> _WORK INSTRUCTIONS_
From first line to last, print the records exactly, but leave out the pictures.
• • • • •
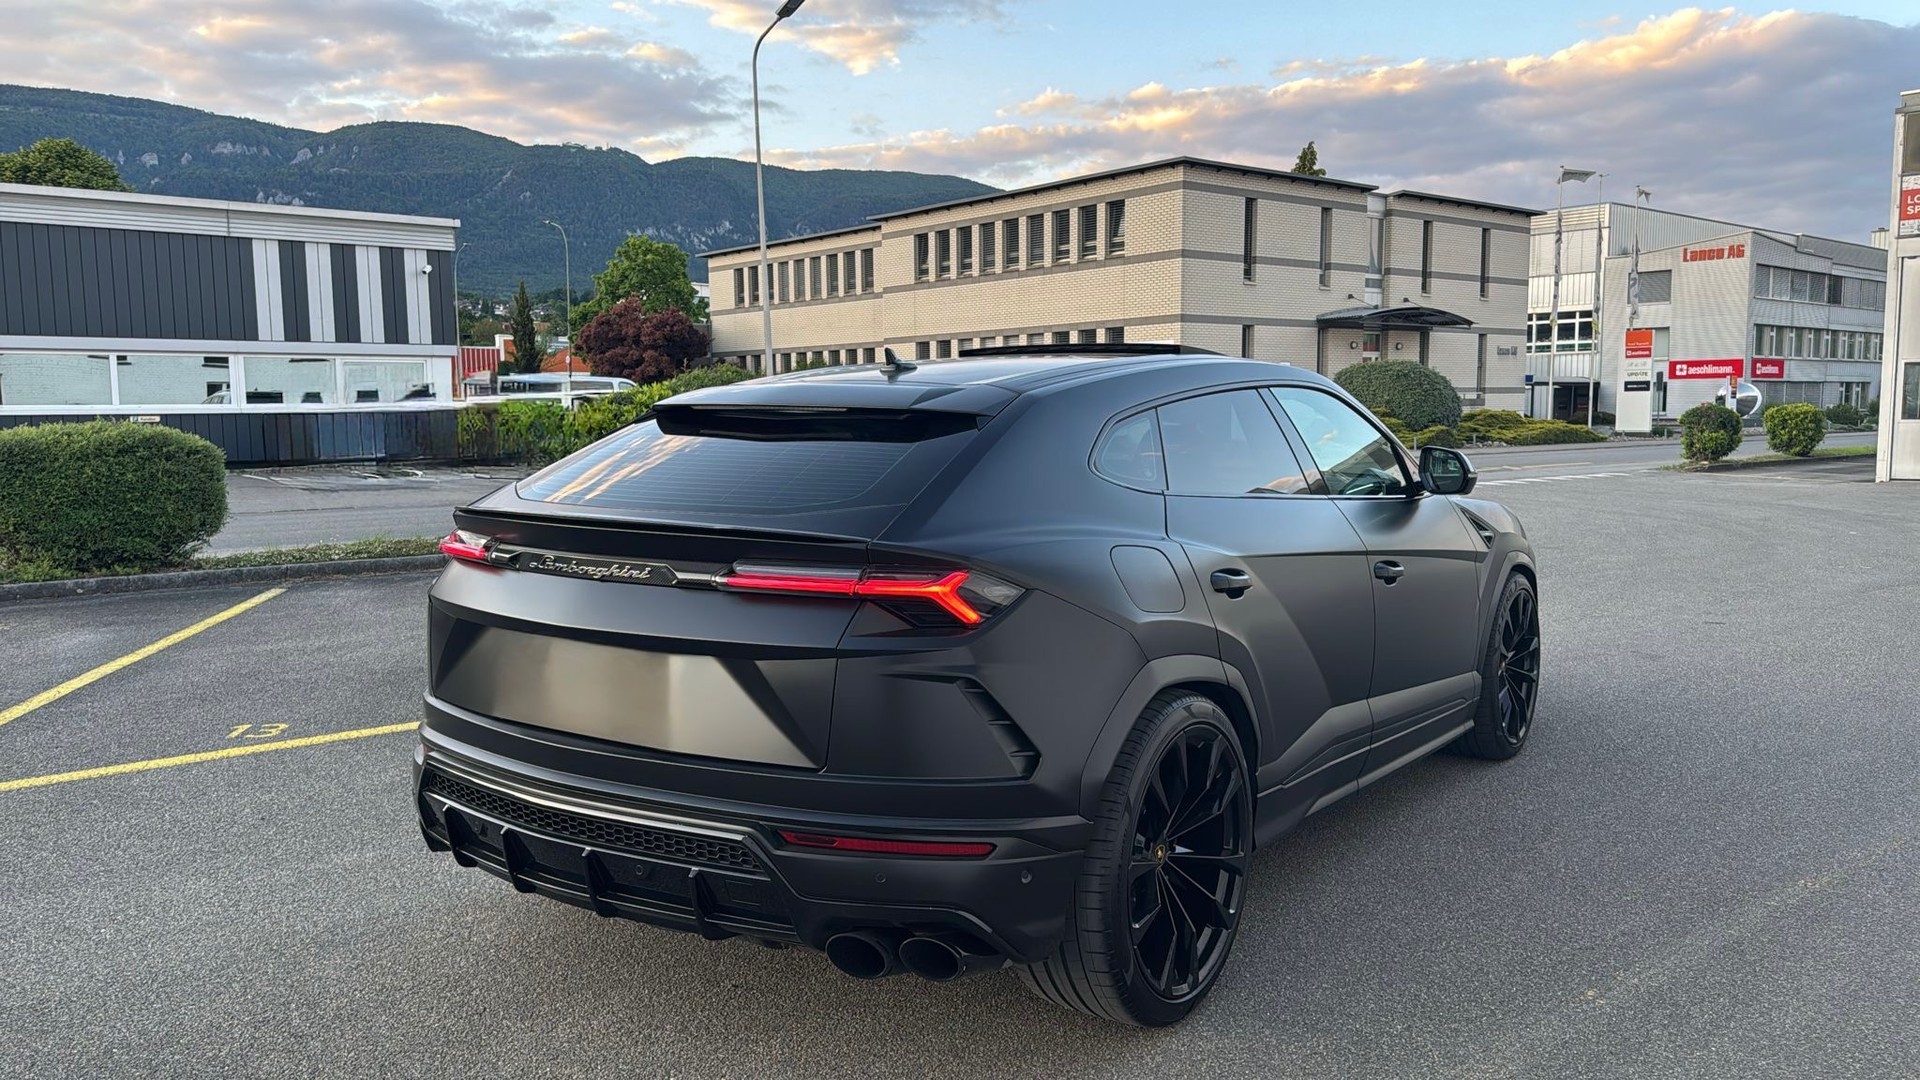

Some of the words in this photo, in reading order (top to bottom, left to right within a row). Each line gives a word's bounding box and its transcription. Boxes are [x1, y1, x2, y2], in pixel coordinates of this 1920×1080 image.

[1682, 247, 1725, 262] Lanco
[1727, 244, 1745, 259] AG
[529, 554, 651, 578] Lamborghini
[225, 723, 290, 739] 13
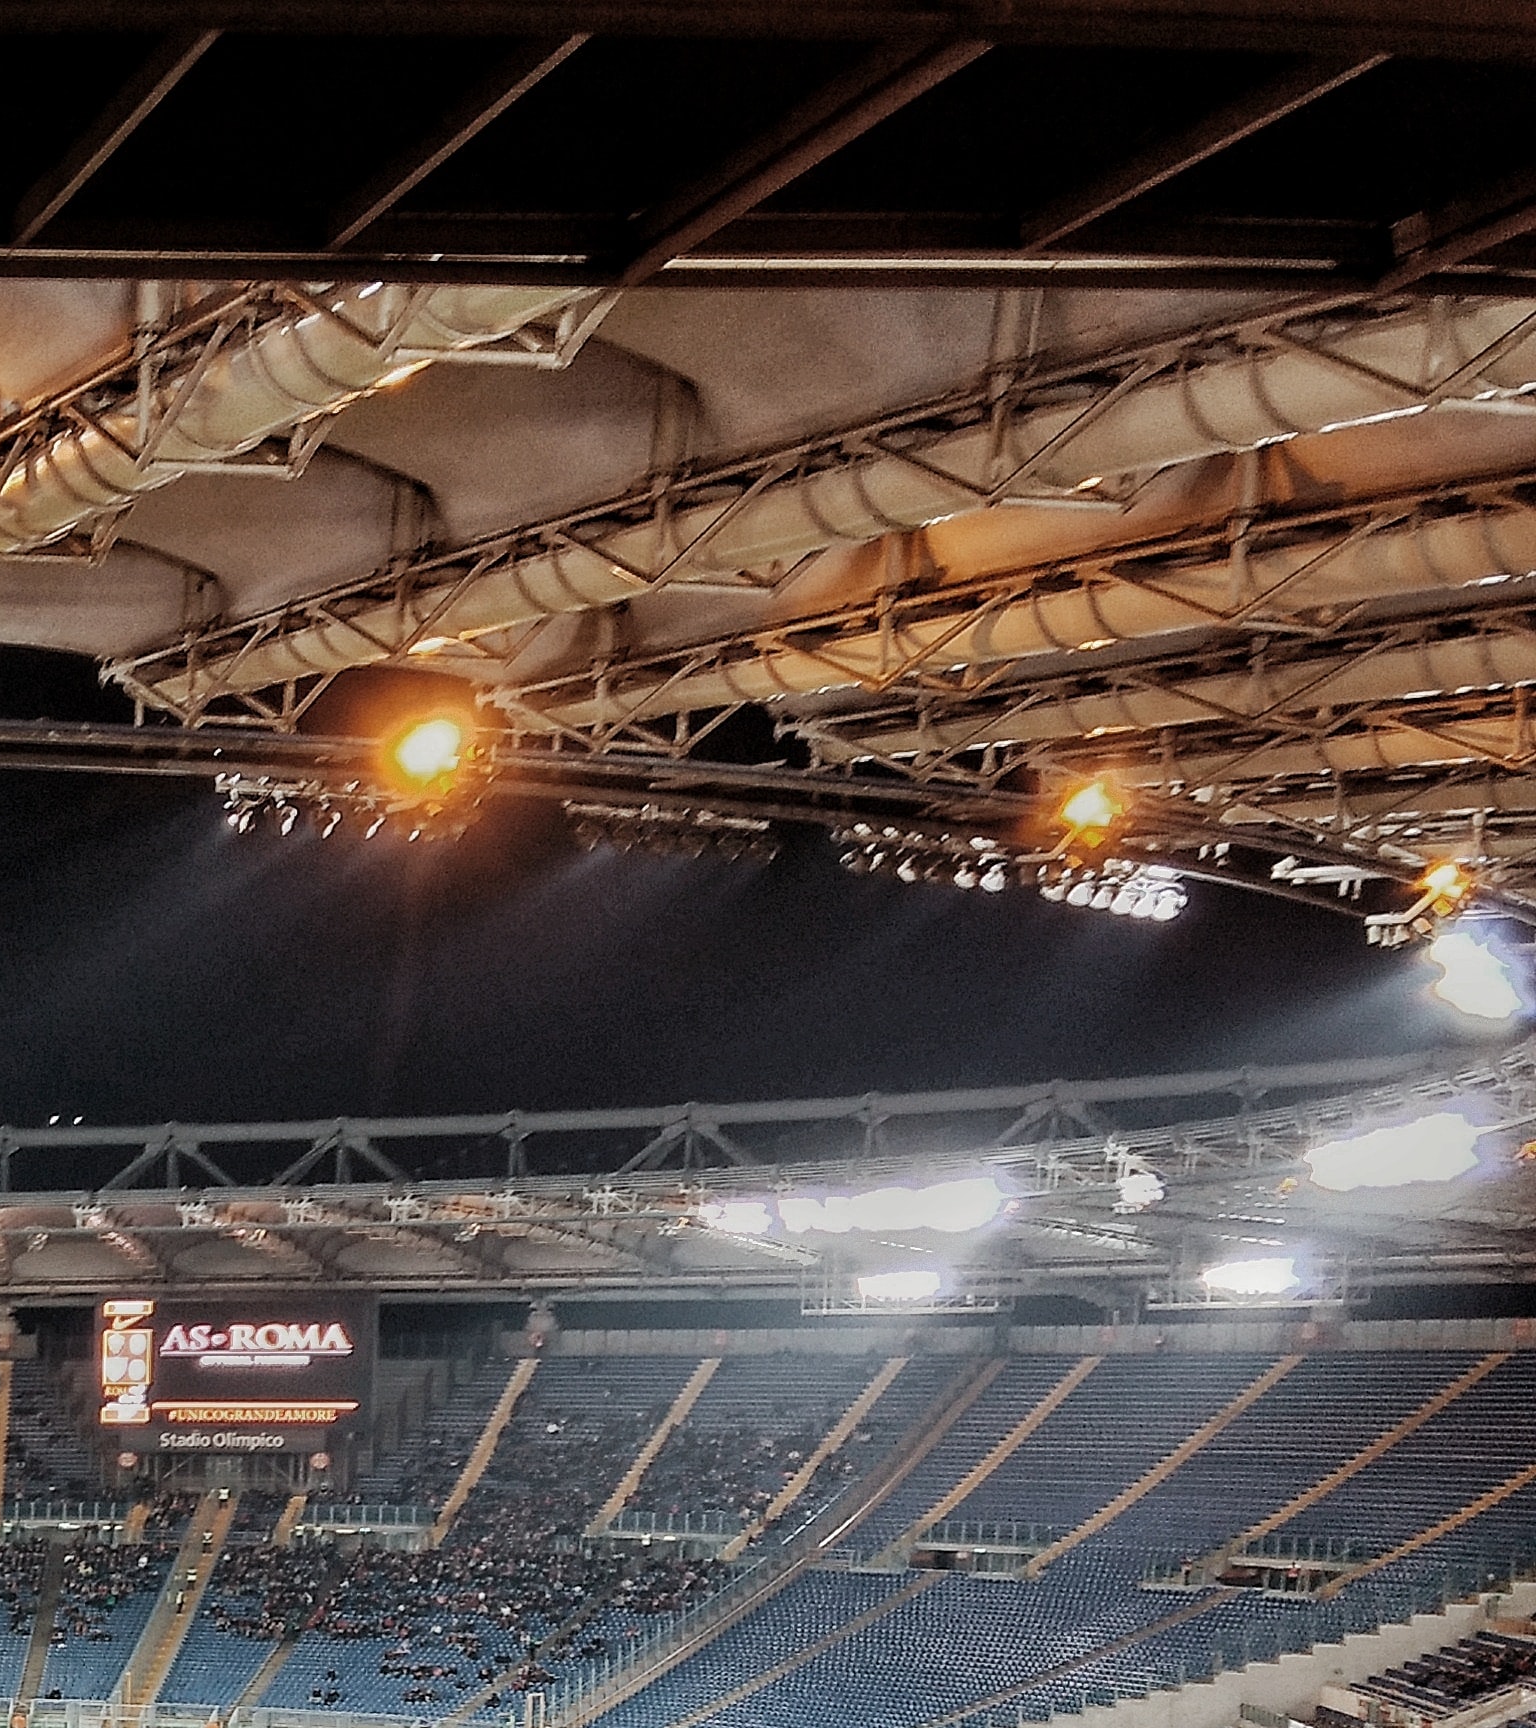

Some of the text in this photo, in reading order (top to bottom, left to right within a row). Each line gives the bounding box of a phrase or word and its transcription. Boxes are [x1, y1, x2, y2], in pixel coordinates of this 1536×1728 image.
• • • • •
> _WRITTEN RESPONSE_
Some of the words in this photo, in reading order (top to bottom, left to right within a row). Each line gives a word's bounding box and its transcription. Boxes are [x1, y1, x2, y2], in pixel coordinates of this 1920×1080 image.

[1682, 247, 1725, 262] Lanco
[1727, 244, 1745, 259] AG
[529, 554, 651, 578] Lamborghini
[225, 723, 290, 739] 13

Some of the text in this photo, in reading order (top to bottom, left to right within a row). Each line gives the bounding box of a phrase or word and its transcription. Boxes are [x1, y1, x2, y2], in pixel coordinates of this 1536×1728 image.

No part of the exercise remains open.